Approche ethnographique.

 

Cette partie du document que je dois à feu le Professeur Ronald Verbeke et à son cours auquel j'ai eu la chance de participer, fait la relation entre d'une part une approche ethnographique du phénomène et d'autre part les grandes théories des assuétudes. L'approche ethnographique permet la confrontation de la réalité sur le terrain avec les théories, les conceptions des uns et des autres. R. Verbeke nous disait : "il faut connaître les théories, parce qu'elle apportent chacune un éclairage intéressant, il faut aussi ne pas les suivre aveuglément et savoir se fonder sur l'observation sur le terrain. Les seuls vrais experts en toxicomanie sont les toxicomanes eux-mêmes.(le "Piège des théories"). Dans un même état d'esprit, il importe de se méfier des phrases toutes faites, des mots parfois mal compris ou équivoques. Notre regard sur les toxicomanes ne doit pas se laisser altérer par le filtre de nos propres convictions morales.(les pièges des mots et du regard). Enfin, disait-il, méfiez-vous de ne pas vous laisser entraîner à ne plus concentrer vos efforts que sur la survie de votre projet d'action au profit des usagers de drogues et non sur leur propre bien-être.(le Piège de la niche).

Le piège du regard.

1. Vision de la consommation de psychotropes à travers différents articles.

Au départ de la lecture de textes choisis dans la littérature ancienne ou récente, dans la presse et même dans des rapports de tests psychologiques, R. Verbeke nous fait comprendre combien le regard que les auteurs de ce textes portent sur les consommations de produits va en influencer le message et le sens. On y verra, par exemple, vanter les vertus de la bière, par ce qu'elle apporte de convivialité et de joie partagée alors qu'au contraire, d'autres auteurs assimilent ses consommateurs à de furieux personnages auxquels "la bière verse la rage dans leur sang et la fureur dans le regard, comme si la lie du pale ale était du fiel...".(J. Vallès polémiste français, à propos des anglais en 19867) (voir copie des textes I à VI ci -joints).Parlant d'une patiente dépendante de l'héroïne, (texte VII à X) un médecin n'y voit que déchéance physique et souffrance. "Ce corps affiche de nombreux symptômes somatiques, certes, mais avant tout intérieurs. Il permet au toxicomane d'exister, d'entrer en relation avec nous, de susciter intérêt, affection ou pitié, peu importe, et nous nous empresserions de le nier en nous efforçant d'effacer ses problèmes? Ce corps souffrant, parfois repoussant est un code pour nous dire : "regarde-moi, est-ce que tu m'aimes malgré mon apparence ? Est-ce que tu comprends que je souffre"."(de l'interniste et le toxicomane article proposé pour publication à la revue Psychotropes - auteur non cité).

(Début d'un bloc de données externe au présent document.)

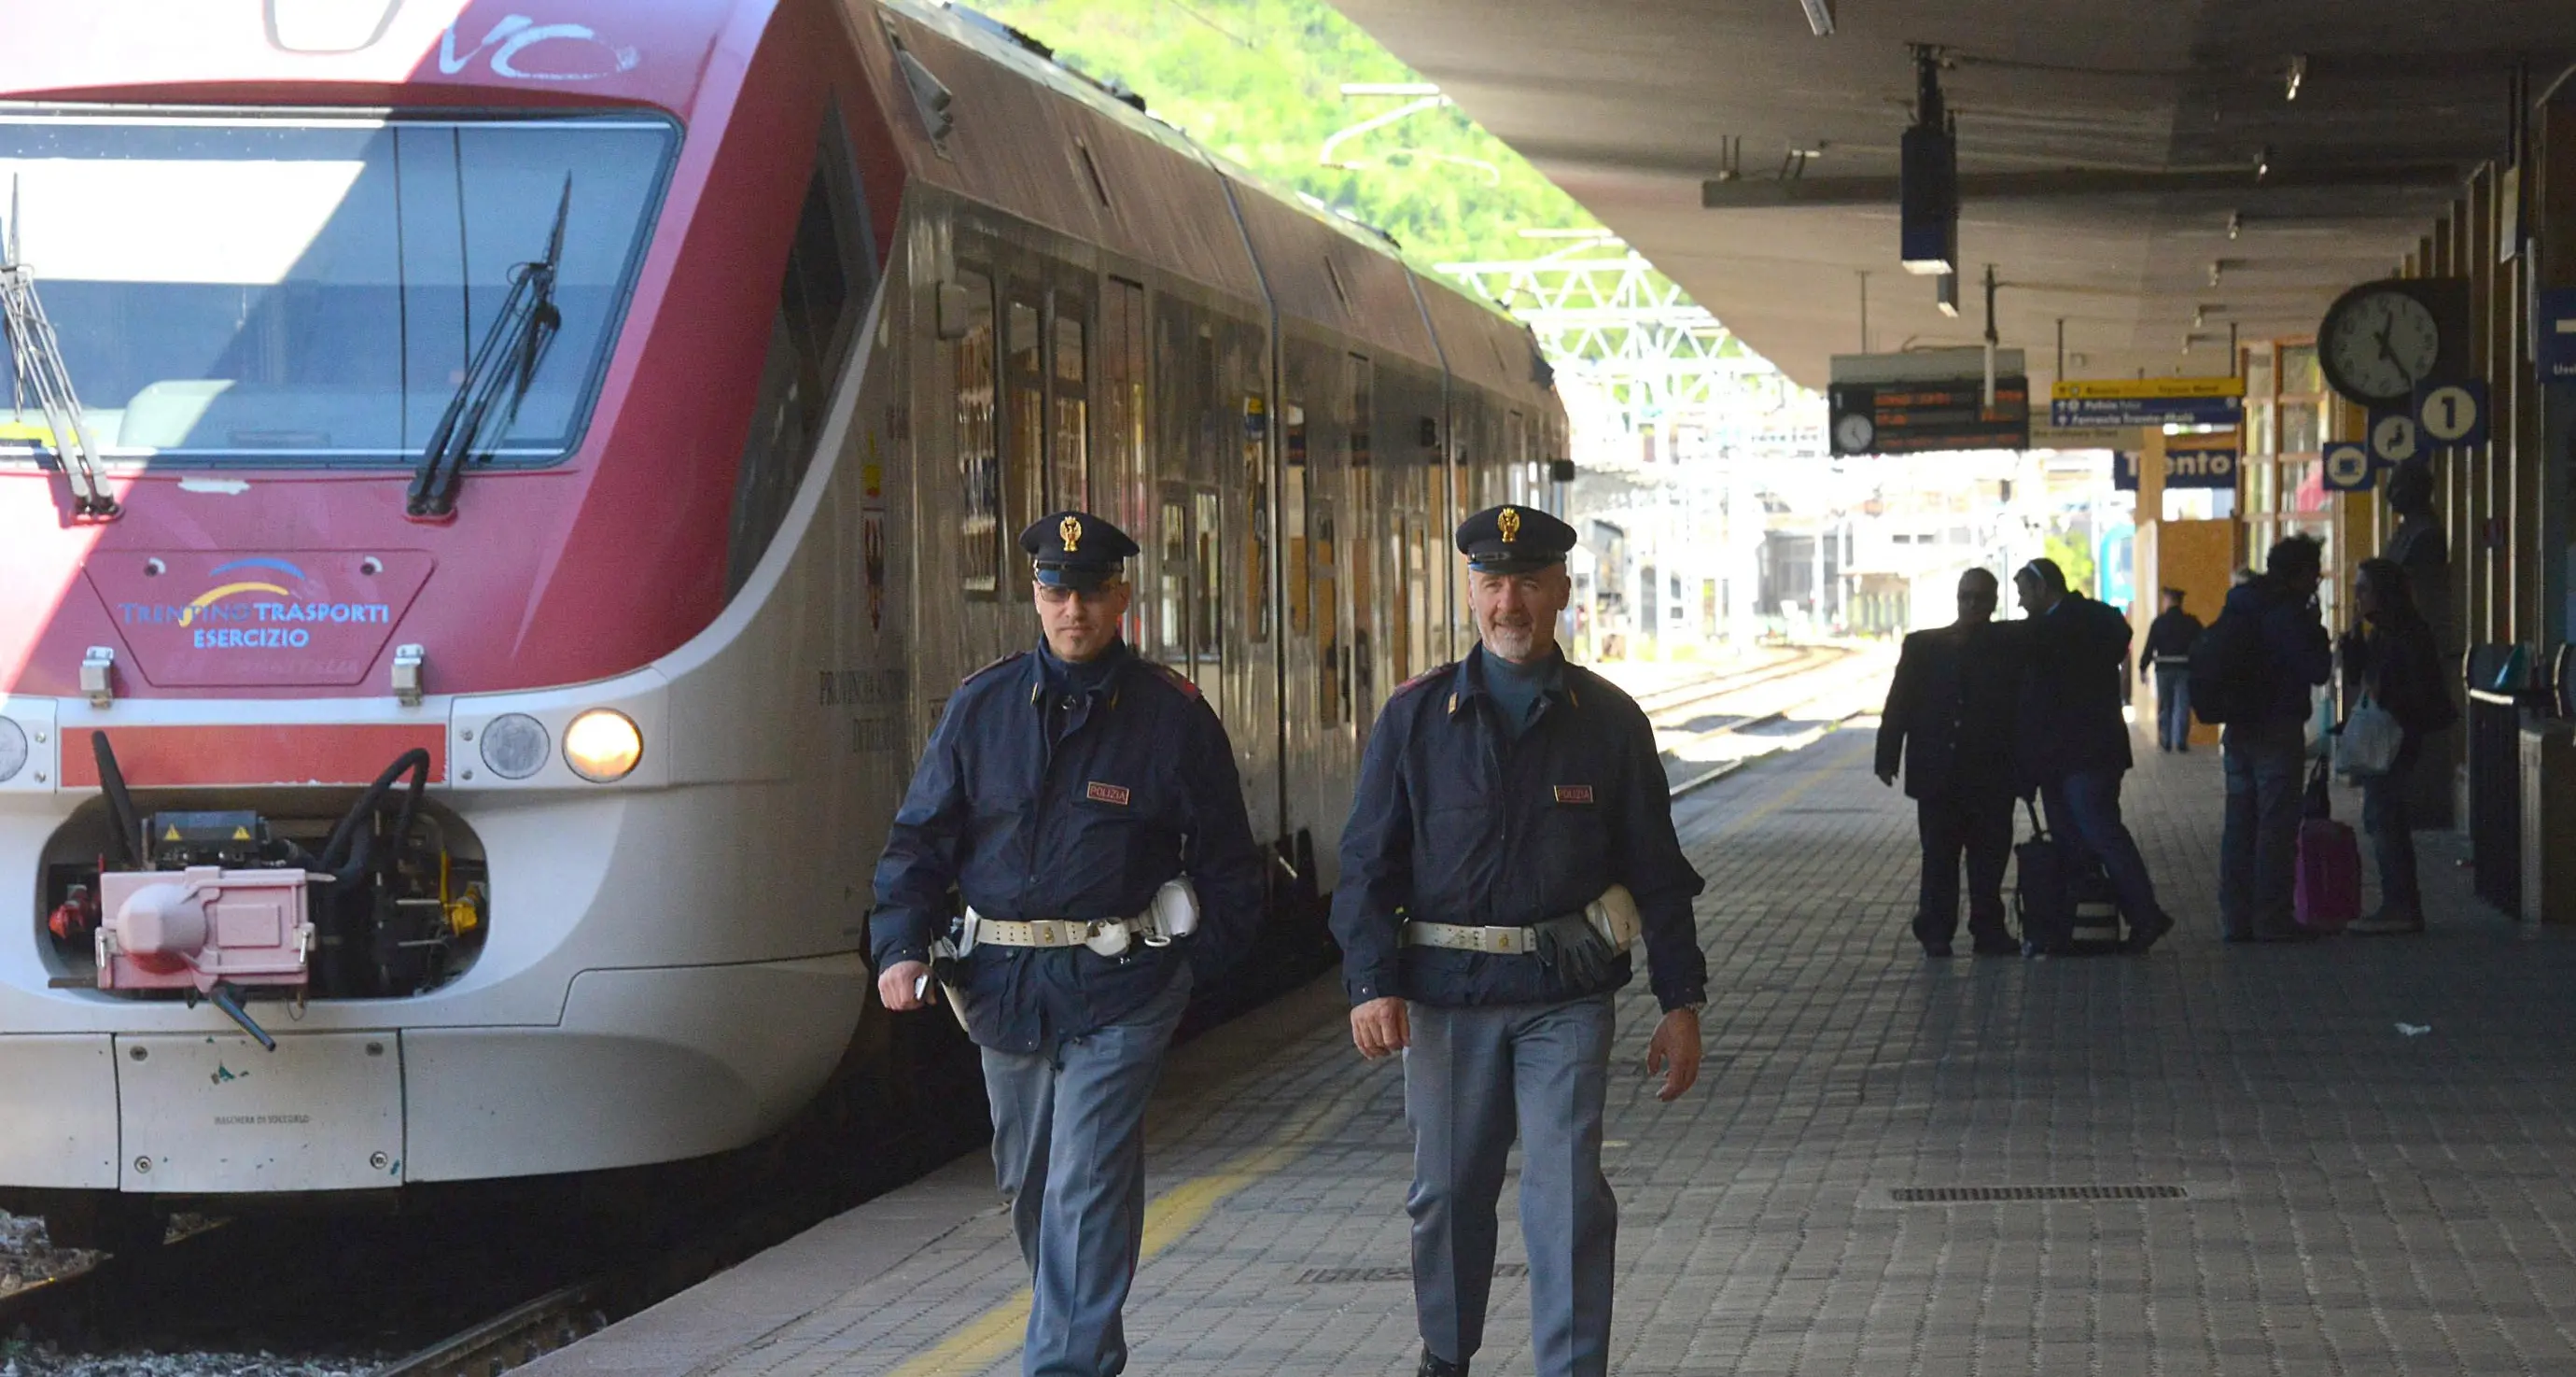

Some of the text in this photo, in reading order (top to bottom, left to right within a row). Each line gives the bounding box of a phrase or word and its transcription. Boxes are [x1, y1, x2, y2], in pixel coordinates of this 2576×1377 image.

Cette vision à prédominance somatique ne laisse aucune place à ce que le produit apporte. Le médecin y voit la traduction d'un appel à l'amour. Une toxicomane assimile son produit à rien moins que la vie elle-même.(Texte IX)"Pour Minouchka, la dope est plus qu'un produit, plus que l'effet procuré par ce produit, plus que la dépendance à cet effet, plus que l'impuissance à se libérer de cette dépendance : la dope c'est la VIE. Pour elle, pour moi, pour n'importe quel toxicomane, la drogue procure la VIE. Que cette vie soit extase ou horreur, c'est toujours mieux que le vide ou l'absence, le sentiment d'être rien dans un désert de non - vie....Le problème du toxicomane, c'est qu'il est "addict à la vie", mais qu'il a trouvé cette vie à la mauvaise place.".(Extrait d'un texte paru dans la revue Psychotropes - auteur non cité)

Et un autre d'exprimer combien la drogue vient combler le vide de sa vie et sa détresse. (texte X) "Pendant près de sept ans, l'héroïne a été mon père et ma mère qui ne m'avais jamais comprise ni aidée, l'amie que j'avais cru cent fois avoir et que je n'ai jamais eue, l'amant que j'ai eu, que j'aimais et qui est mort d'overdose. ....Tout l'univers dans une petite cuillère, toute la chaleur du monde, toutes les planètes et les étoiles du cosmos.... Ce n'était pas une poudre de mort mais bien la semence de vie sans laquelle ne ne voulais ni ne pouvais rien." (anonyme - 1977)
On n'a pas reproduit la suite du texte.